There were days when we would go downtown to shop. It wasn’t like going to the grocery or hardware store. No, this was something special, and we would dress for the occasion. Mother would take her dress gloves out of the drawer, and along with her dress and high heels, she would take out a hat from a box. I would wear dress slacks, shiny shoes, and a sport coat. There were times when I too would wear a hat.
We rode the bus from uptown to downtown, and we weren’t all that out of place in the way we dressed. Most of the other people riding would be dressed in what we might now refer to as business casual.
Upon arriving downtown, we might walk down the street and look in various store windows to see what was on display. Most of them of course were pitching their current sales, but there was competition among the variety of retailers as to who might have the most attractive window display.
Emporium tea room 1940-50s Minneapolis
Eventually we would enter a store, either through double doors which we would pull open, or by entering a revolving door which you or someone else would push to rotate your part of the large glass triangle, until you could enter the store. What awaited your eyes were a couple of things. Usually a store greeter, but not the disinterested couch potatoes who might greet you at Walmart. No, these would be smartly dressed people that knew how to smile. The other thing immediately noticed were the row upon row, of neatly arranged aisles with well placed merchandise on shelves, in displays, or on mannequins. As you made your way to the center of the store, there would be several elevators. Each elevator had a person inside the elevator who would open up the doors, or gate and doors for you to enter. They would then close the doors after everyone that could or wanted to get on. You then would tell them your floor, and they would make the selection for you. Each of these ‘operators’, wore some type of uniform, some with hats, most also wore gloves.
All that changed quickly as the suburbs began to erect large enclosed shopping malls. There were of course what we call strip malls. Stores that shared a large common parking lot and each retailer store were aligned side by side. That didn’t nearly have the impact of the enclosed shopping mall. Once they were constructed, many of the downtown stores simple opened their store in the new mall. This took a big toll on downtown retailers. They typically paid higher rates for taxes, most didn’t have convenient parking. They relied on nearby parking decks and lots, or those like us, who took city transportation. The downtown retailers didn’t maintain their greeters, elevator operators. Even their display windows became less interesting, a far simpler asthetic became the norm.

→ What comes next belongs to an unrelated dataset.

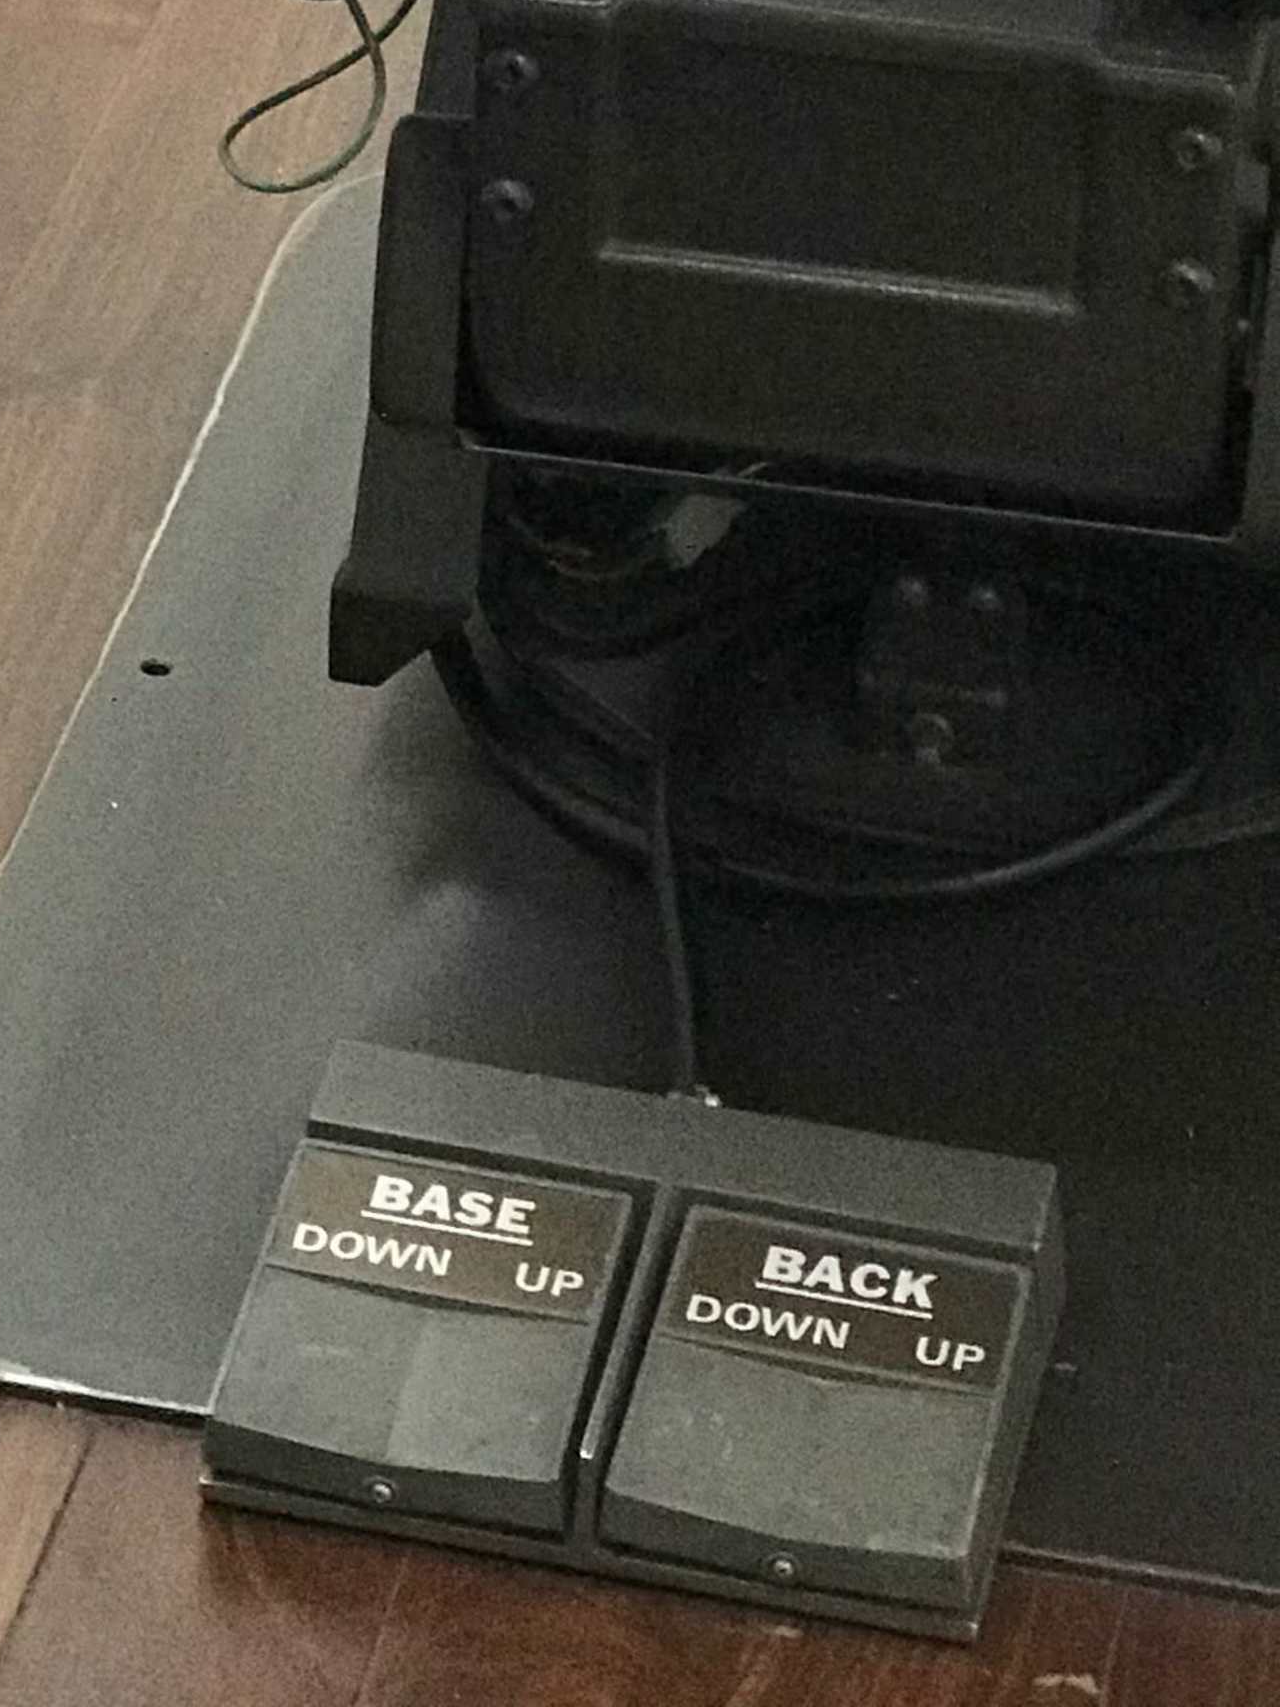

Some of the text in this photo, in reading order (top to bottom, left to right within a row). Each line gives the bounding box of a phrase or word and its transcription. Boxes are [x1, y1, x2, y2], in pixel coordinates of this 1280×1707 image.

Those times seem strange to people unfamiliar with that era. Most downtowns have morphed into high rise condominiums, or permanent apartments. Either that or they were torn down as if part of a failed social experiment.
All that has changed again. Many shopping malls are skeletons of what they once were. Some malls have closed entirely. All this due to the evolution brought on by the Internet. The Amazon shopping model has become the new norm. First it was mail order. The big retailers like Sears, JC Penny adapted well. Then the Internet became a ready made 24/7 sales facility. Display windows are now the Internet tabs to click and expand. People still shop, the delivery times are quick and you might not even get out of your night clothes. Social interaction is minimized.
Oldest department store company in the US is disappearing entirely from Fifth Avenue after 104 years
The New York Post just came out with a lament on how much the retail store front is disappearing, and how it’s changing the character of the city.
Sears closed last store in Chicago Illinois
The Chicago Tribune opines over the loss of the last Chicago Sears store. The once mighty retail giant, headquartered in Chicago is gone. There building tower still stands, but was sold off years before.
It’s fundamentally changing business, but furthermore, it’s removing us from personal interaction and social restraint. If social media is the replacement for the way friends might meet at the mall, or take day trips downtown, it’s a poor substitute.
Along with the loss of social skills comes another challenge, the need for fewer people. Just like the elevator operators, greeters and floor persons, all will disappear when picking and delivery become fully automated.
Retail has indeed changed, and so too has the culture.